Exercise: Set the data below down again, exactly, with every picture left out.

Records to use:
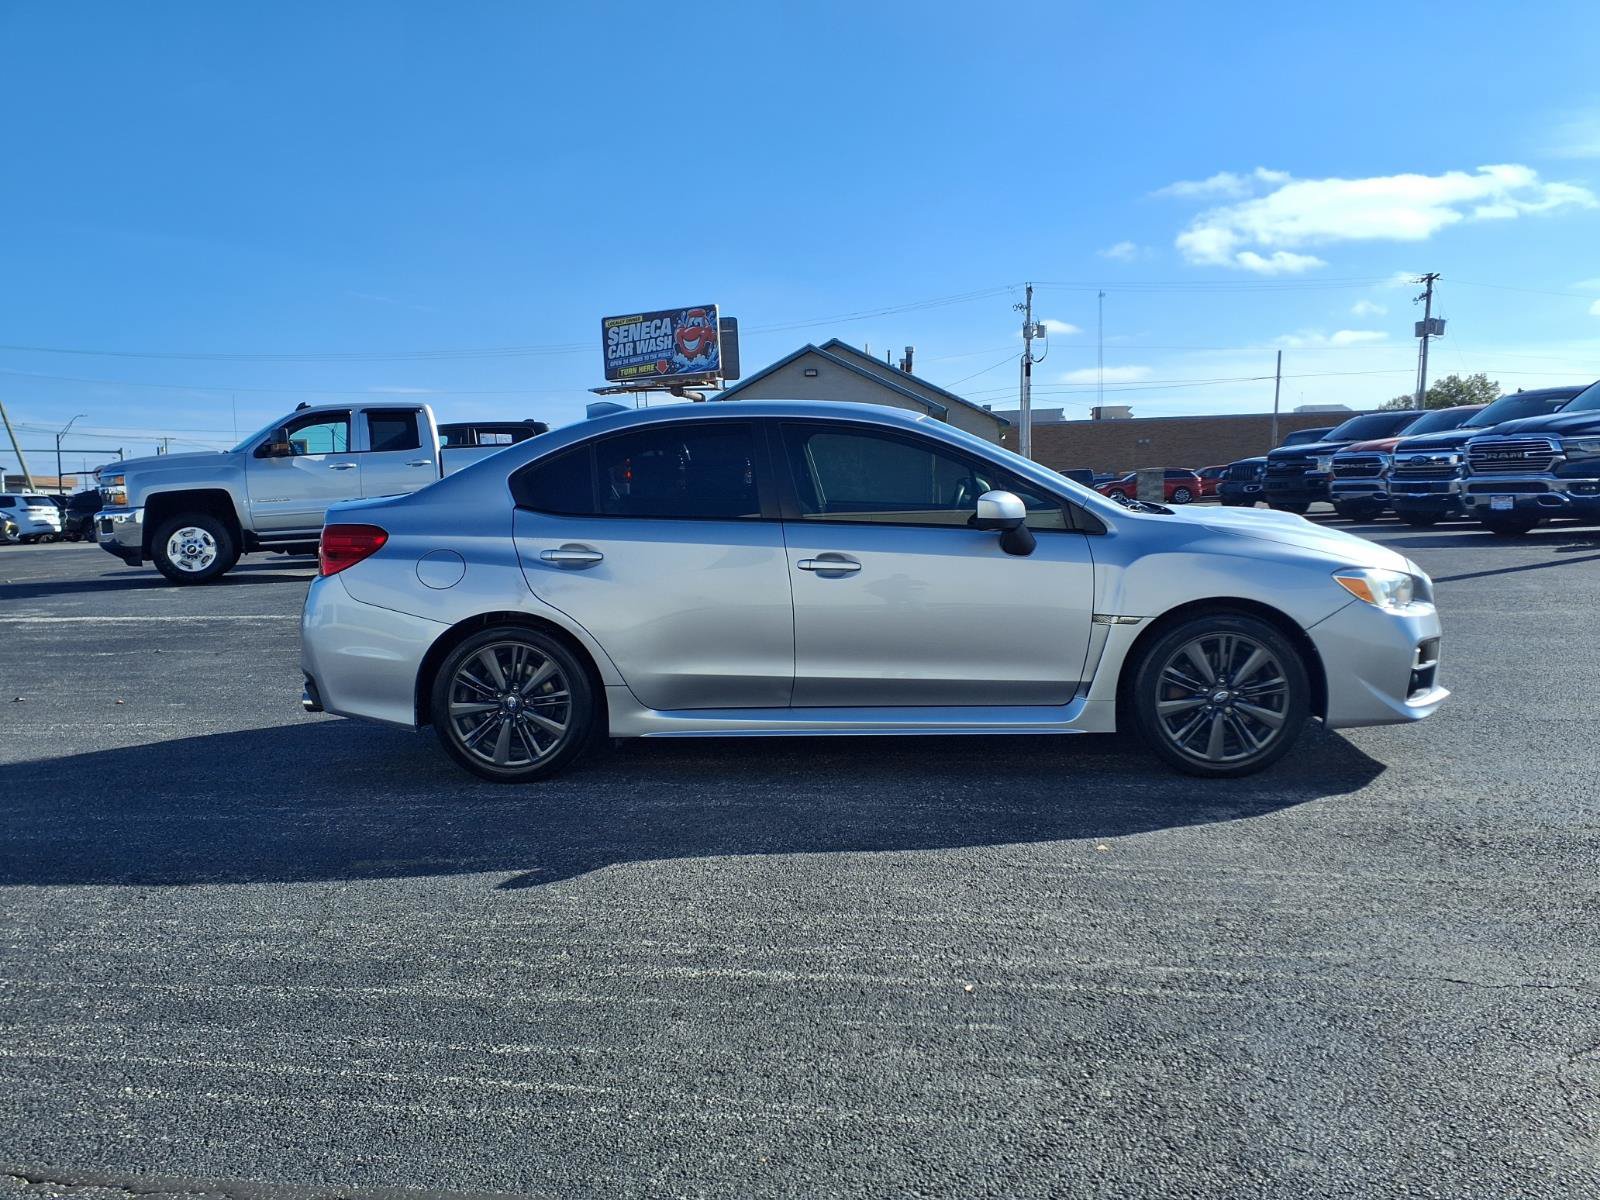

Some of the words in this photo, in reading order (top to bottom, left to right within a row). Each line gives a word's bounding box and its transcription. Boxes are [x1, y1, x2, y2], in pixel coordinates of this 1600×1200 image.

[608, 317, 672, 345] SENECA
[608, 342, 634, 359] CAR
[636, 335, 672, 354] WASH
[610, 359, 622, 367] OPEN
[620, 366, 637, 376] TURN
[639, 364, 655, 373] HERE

Result of the exercise:
Some of the words in this photo, in reading order (top to bottom, left to right within a row). Each line gives a word's bounding box and its transcription. Boxes are [x1, y1, x2, y2], in pixel coordinates of this 1600×1200 image.

[608, 317, 672, 345] SENECA
[608, 342, 634, 359] CAR
[636, 335, 672, 354] WASH
[610, 359, 622, 367] OPEN
[620, 366, 637, 376] TURN
[639, 364, 655, 373] HERE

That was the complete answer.